ChIP-seq I - Prelab

Table of Contents

  1. Why use ChIP-seq?
  2. What is ChIP-seq?
  3. How ChIP-seq libraries are prepared
  4. How ChIP-seq data is analyzed
  5. Questions

1. Why use ChIP-seq?

Before we introduce the technology of ChIP-seq, we should have an idea of why it is useful. As we all know, the process of transcribing DNA into RNA and protein is immensely complex and highly regulated by, among other things, proteins known as transcription factors. These transcription factors bind to chromatin at specific regions of genomic DNA while performing their regulatory functions, and so knowing where these transcription factors bind throughout the genome allows us to better understand their mechanisms of action and which genes they are regulating. ChIP-seq is a technique that can be used for exactly this purpose.
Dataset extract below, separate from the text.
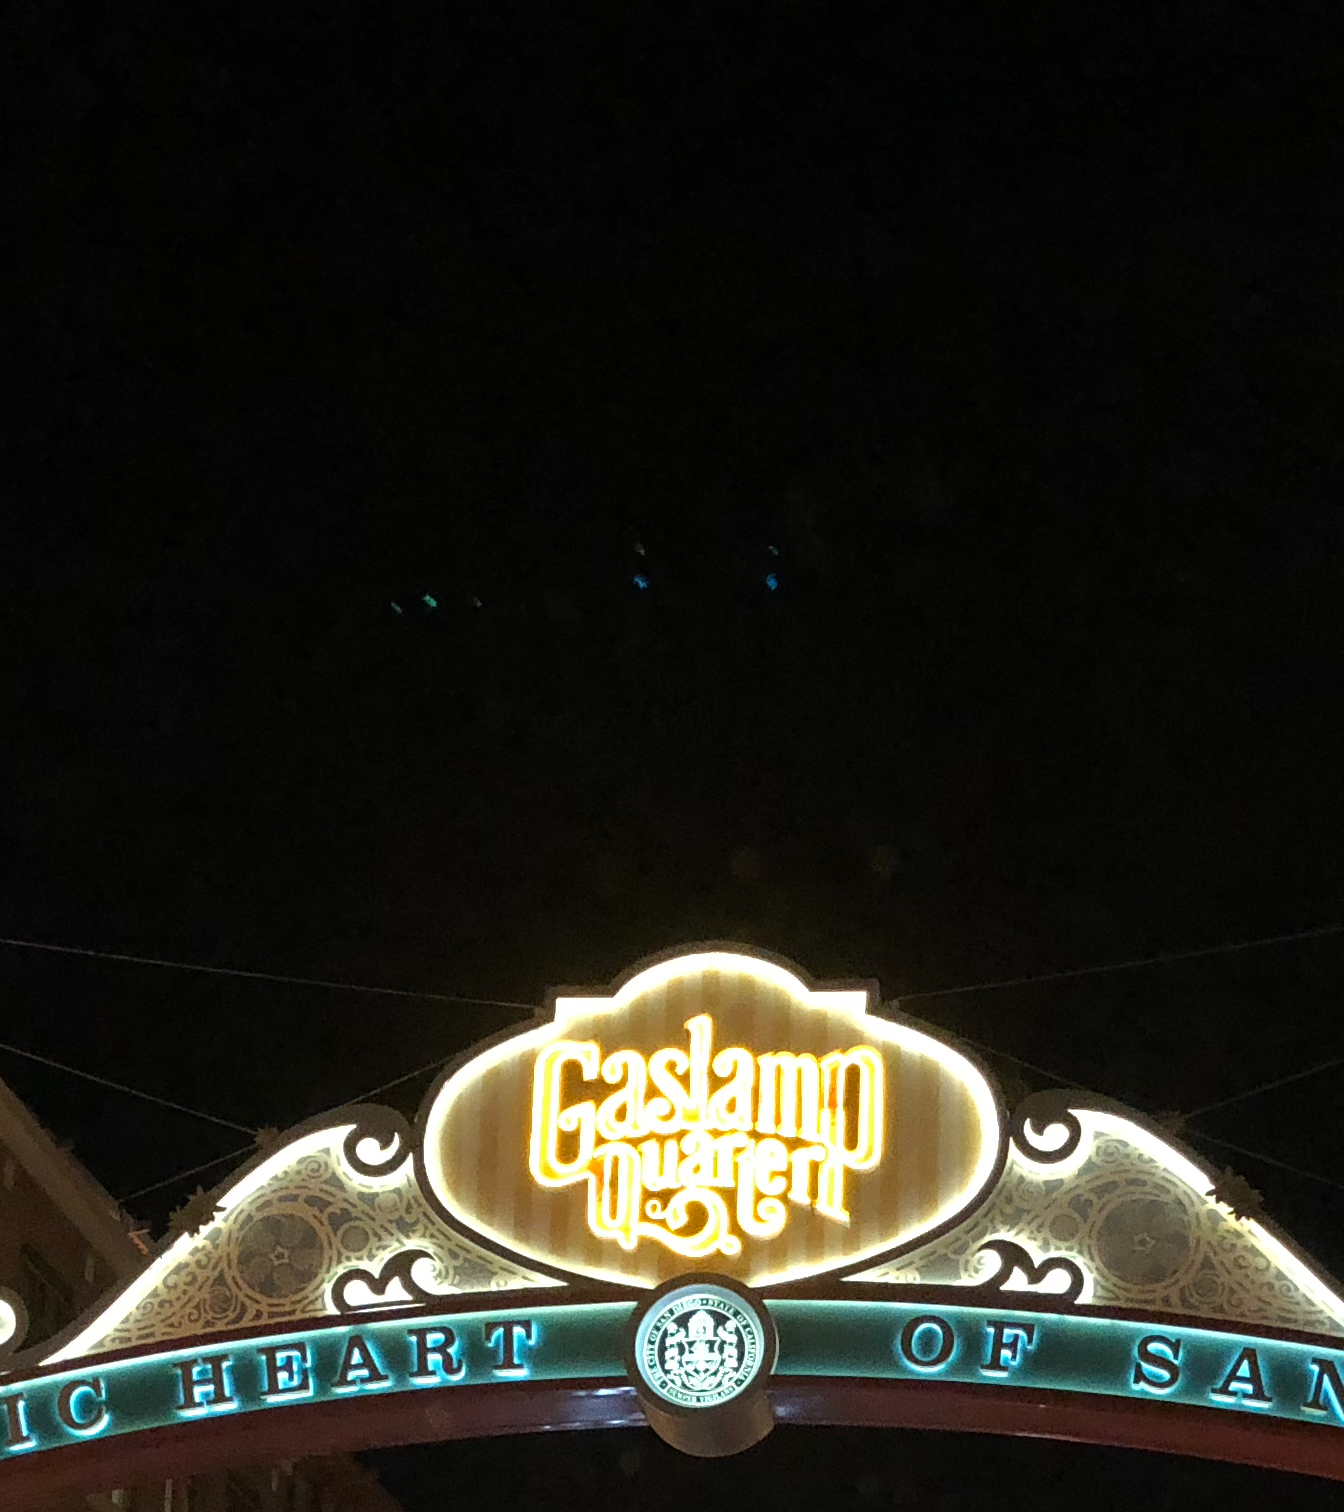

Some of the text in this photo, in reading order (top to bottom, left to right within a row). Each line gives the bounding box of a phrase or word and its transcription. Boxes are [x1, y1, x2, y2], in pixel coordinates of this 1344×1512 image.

[528, 1012, 884, 1224] Gaslamp
[586, 1132, 831, 1258] Quarter
[172, 1319, 540, 1416] HEART
[898, 1313, 1036, 1378] OF
DNA can also be organized into nucleosomes, which contain four core histone proteins and DNA. These histone proteins are chemically "marked" during certain processes such as transcription, and so these histone modifications or histone marks can be used to infer the functional activity of a certain region of DNA. For example, if the histone H3 is trimethylated at its lysine at residue number 27 (H3K27me3), which is a known mark for repression of transcription, we can assume that the genomic DNA at that region is not being transcribed; in fact, its transcription is being actively repressed. Therefore, these marks provide valuable information about the functional state of DNA across the genome, and so being able to measure the levels of these marks genome-wide is very valuable. Again, ChIP-seq can be used for this purpose.

2. What is ChIP-seq?

By now, we have become familiar with some "flavors" of sequencing data, the most straightforward being DNA sequencing. However, the basic idea of identifying the nucleotide composition of short pieces of DNA in a massively high-throughput fashion has also been applied to many biological questions beyond understanding the genomic DNA in a sample. These different applications typically involve varying the steps involved in "library preparation", the process of taking a sample (i.e. some cells from cell culture or a tissue sample from a patient) and ultimately extracting some set of DNA fragments to be measured using sequencing technology. For example, RNA sequencing involves reverse transcribing RNA molecules into cDNA, which can then be sequenced using standard DNA sequencing. Chromatin immunoprecipitation followed by sequencing (ChIP-seq) follows the same idea. The goal of the protocol is to isolate DNA fragments that are bound by a specific transcription factor or marked by a specific histone modification, and the fundamental idea is to use antibodies against the transcription factor or histone modification to retrieve only the relevant DNA, then sequence these DNA fragments.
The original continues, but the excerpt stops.